Толик кивнул. Ужин удался – на северной улице так сурово, что счастье испытываешь от обыкновенной картошки. Поджаристая, душистая, да с квашеной капустой – скрипит кислинкой на зубах, чем не счастье? Потапыч молчал и заговорил, только когда стали пить чай.
– Так вот, Толик. Задача твоя – оборудование маячное, я завтра покажу. Наладишь, проверишь, подлатаешь, где надо бы. Так-то я и сам могу, но технику новую поставили, а я уже старый кит, в этих водах не плавал. Расскажешь потом, что и как. Вот тебе и практика.
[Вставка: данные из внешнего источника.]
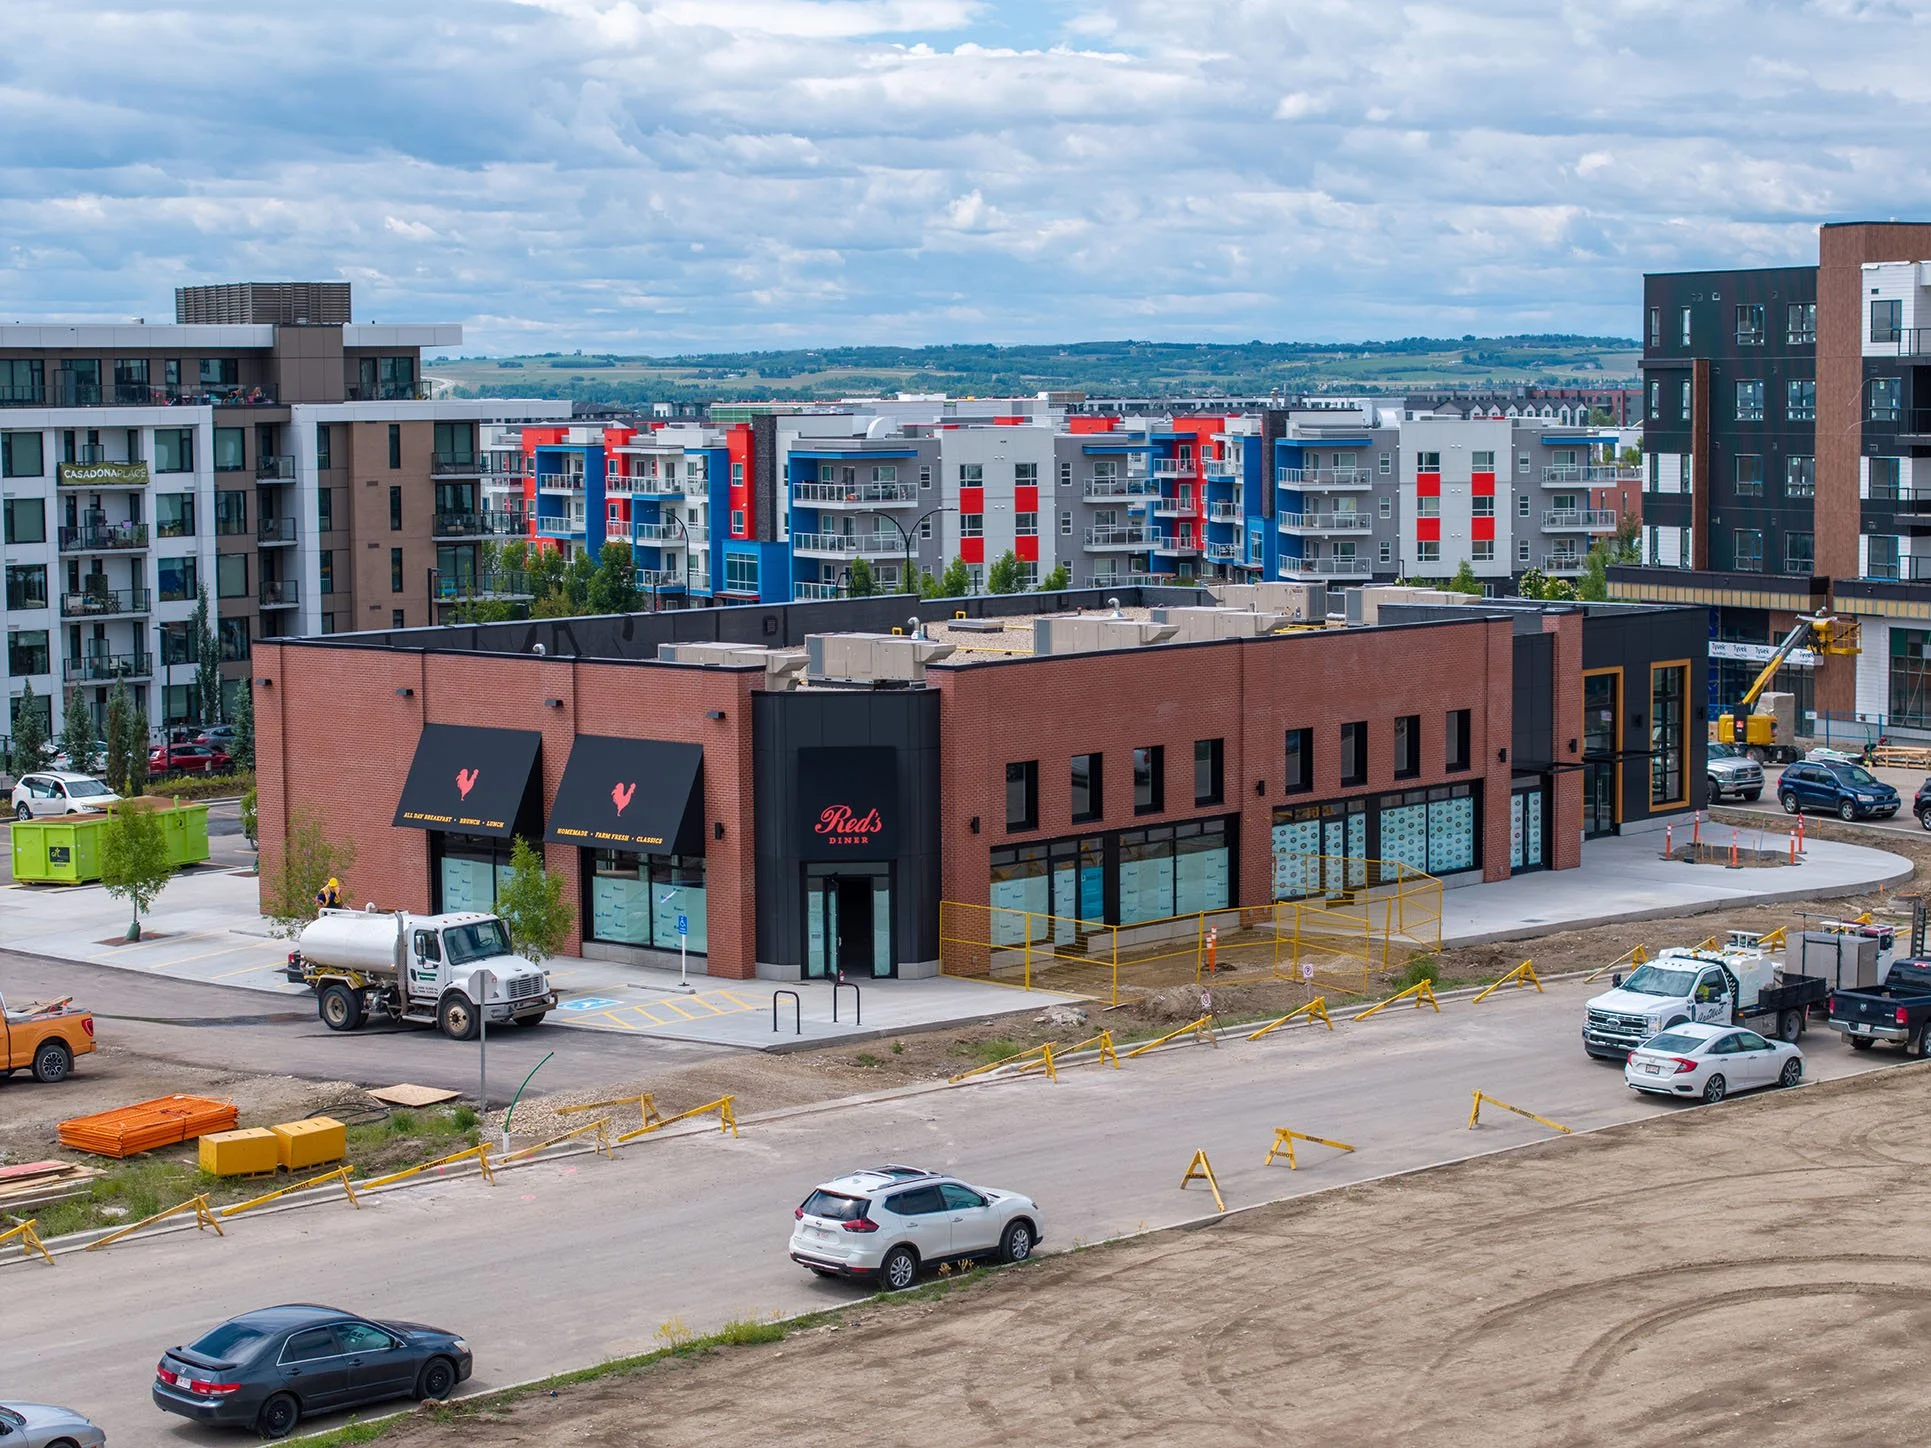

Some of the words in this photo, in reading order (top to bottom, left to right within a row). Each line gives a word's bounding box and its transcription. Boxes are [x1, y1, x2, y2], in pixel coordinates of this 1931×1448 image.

[403, 811, 413, 819] ALL
[413, 812, 424, 820] DAY
[424, 814, 453, 823] BREAKFAST
[459, 817, 481, 826] BRUNCH
[486, 820, 505, 828] LUNCH
[814, 804, 883, 834] Red's
[556, 828, 589, 837] HOMEMADE
[595, 831, 611, 840] FARM
[611, 833, 630, 841] FRESH
[635, 835, 664, 845] CLASSICS
[828, 836, 869, 845] DINER
[545, 1134, 572, 1147] MARMOT
[419, 1158, 448, 1172] MARMOT
[281, 1181, 311, 1196] MARMOT
Толик снова кивнул. Кажется, Потапыч вообще не любил разговаривать, и с такой длинной речи его лучше не сбивать.
– Быт тут простой. Поднимаемся пораньше, завтрак часов в семь. Не потому, что дел много, но утром соображалка лучше работает. Вечера все твои, хотя заняться здесь нечем неподготовленному. Книги, шахматы, телевизор вон стоит, работает вроде. Интернетов тут не водится. До Китового километров пять – можно, конечно, пройтись, но в непогоду не соваться бы. Скорее всего, там заночевать и придётся – есть где, стучи в любой дом, направят. Выпивки я тут не терплю, хочешь – иди вон в Китовый пиво пить, но сюда не тащи ни пиво, ни свою пьяную голову. Да и всё вроде.
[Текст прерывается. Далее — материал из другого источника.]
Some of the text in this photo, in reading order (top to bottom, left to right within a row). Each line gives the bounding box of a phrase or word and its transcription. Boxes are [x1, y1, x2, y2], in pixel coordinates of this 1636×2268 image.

Потапыч явно переутомился. Он окунул печенье в чай, съел и шумно отхлебнул из чашки в красный горошек.
– Понял, Потапыч, разберёмся, – Толик поднялся и стал убирать со стола – пора мыть посуду.
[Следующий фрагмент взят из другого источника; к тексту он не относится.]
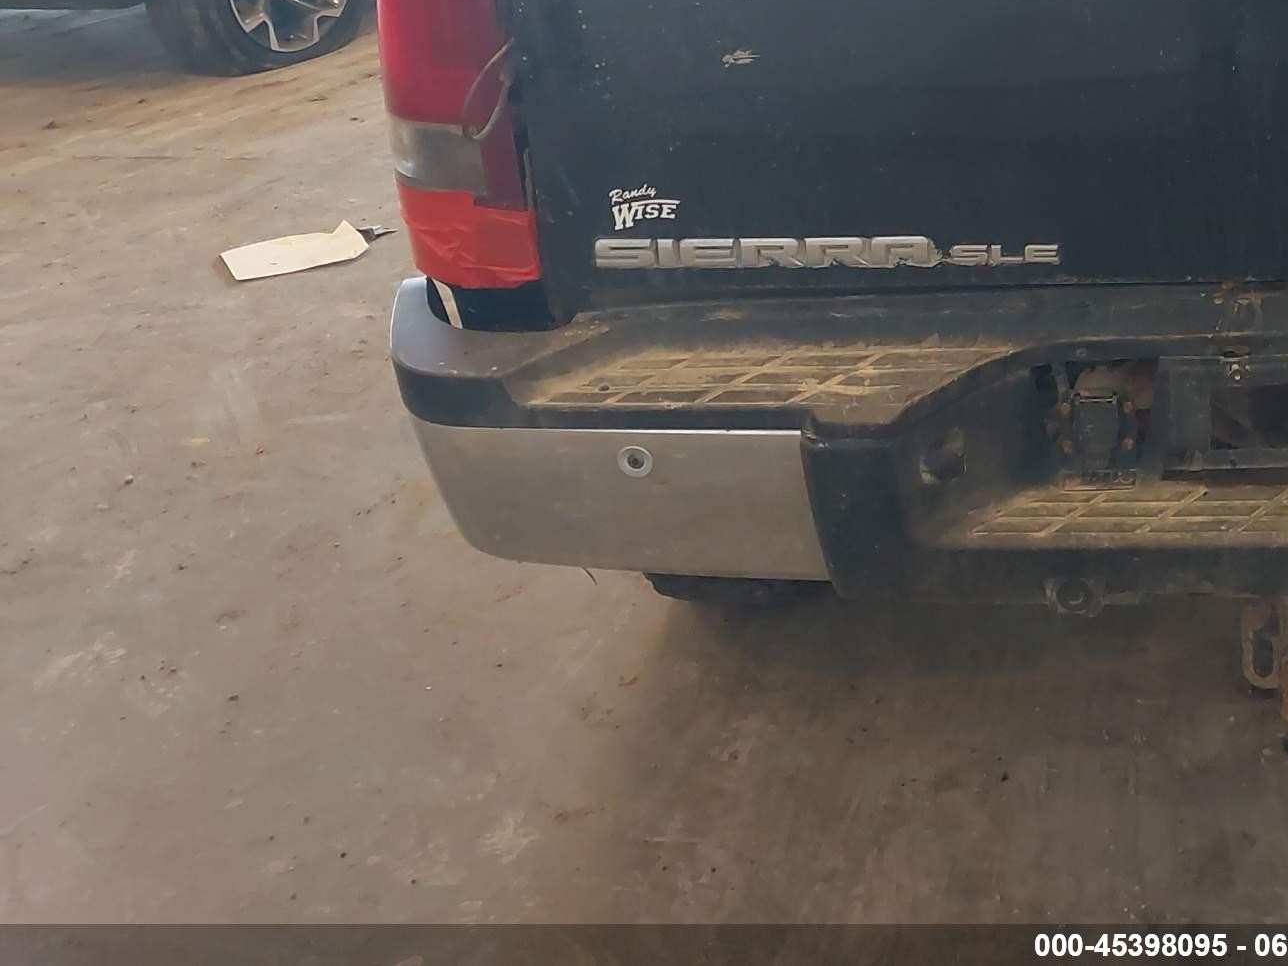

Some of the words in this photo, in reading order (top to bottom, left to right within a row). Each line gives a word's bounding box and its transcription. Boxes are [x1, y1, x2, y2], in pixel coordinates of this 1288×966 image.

[608, 184, 657, 205] Randy
[594, 236, 943, 269] SIERRA
[949, 244, 1061, 267] SLE
Смотритель взглянул на Толика и впервые за весь вечер улыбнулся. Потом взял старую керосинку, поджёг фитиль – тот вспыхнул жёлтым треугольником – и засобирался на улицу.
– Мне на обход. Так надо. А ты давай отдыхай, как управишься. Завтра начнём работу.
Разбираться с маячным оборудованием пришлось долго – чуть ли не неделю. Не зря Толик привёз с собой книги и курсовые – было что вспомнить. Учился он хорошо, к делу подходил со всей ответственностью – а её у него набралось бы на три четверти от заданного объёма.
Странное дело было с этим маяком. По обыкновению маяк – военный объект, который армии теперь уже ни за каким ладом не сдался. Почти все догнивают как могут. Но этот хоть и автоматический – знай себе следи, чтобы электроника работала, – но перебросили его с военного ведомства на муниципалитет. Потапыч каким-то чудом выхлопотал новое оборудование, уже не у армейской казны, а у общегражданской. Мол, навигация в этом месте моря хромает, сбиваются суда с фарватера, а участок сложный – надо скалы обходить.
И правда, были несчастные случаи, даром никто не разбился. Вот и подсвечивал маяк путь по секторам: красный свет видишь – держи правее, зелёный – левее, белый – иди, как шёл, тем же курсом. Вот и вся наука.
Внутри маяка было уютно. Толик часто поднимался к фонарю, разглядывал линзы, как заворожённый. Он отражался в них, а вместе с ним – всё небо и море, и вроде бы смотрел на своё лицо, а вроде и в калейдоскоп своего существования. С темнотой фонарь зажигался, с рассветом гас. Оборудование гудело внизу, и вскоре Толик привык к этим звукам. Потапыч наблюдал, как он, прикусив язык от усилия мысли, глядит то в книгу, то на кнопки и схемы, и иногда спрашивал, что к чему. Так проходили дни.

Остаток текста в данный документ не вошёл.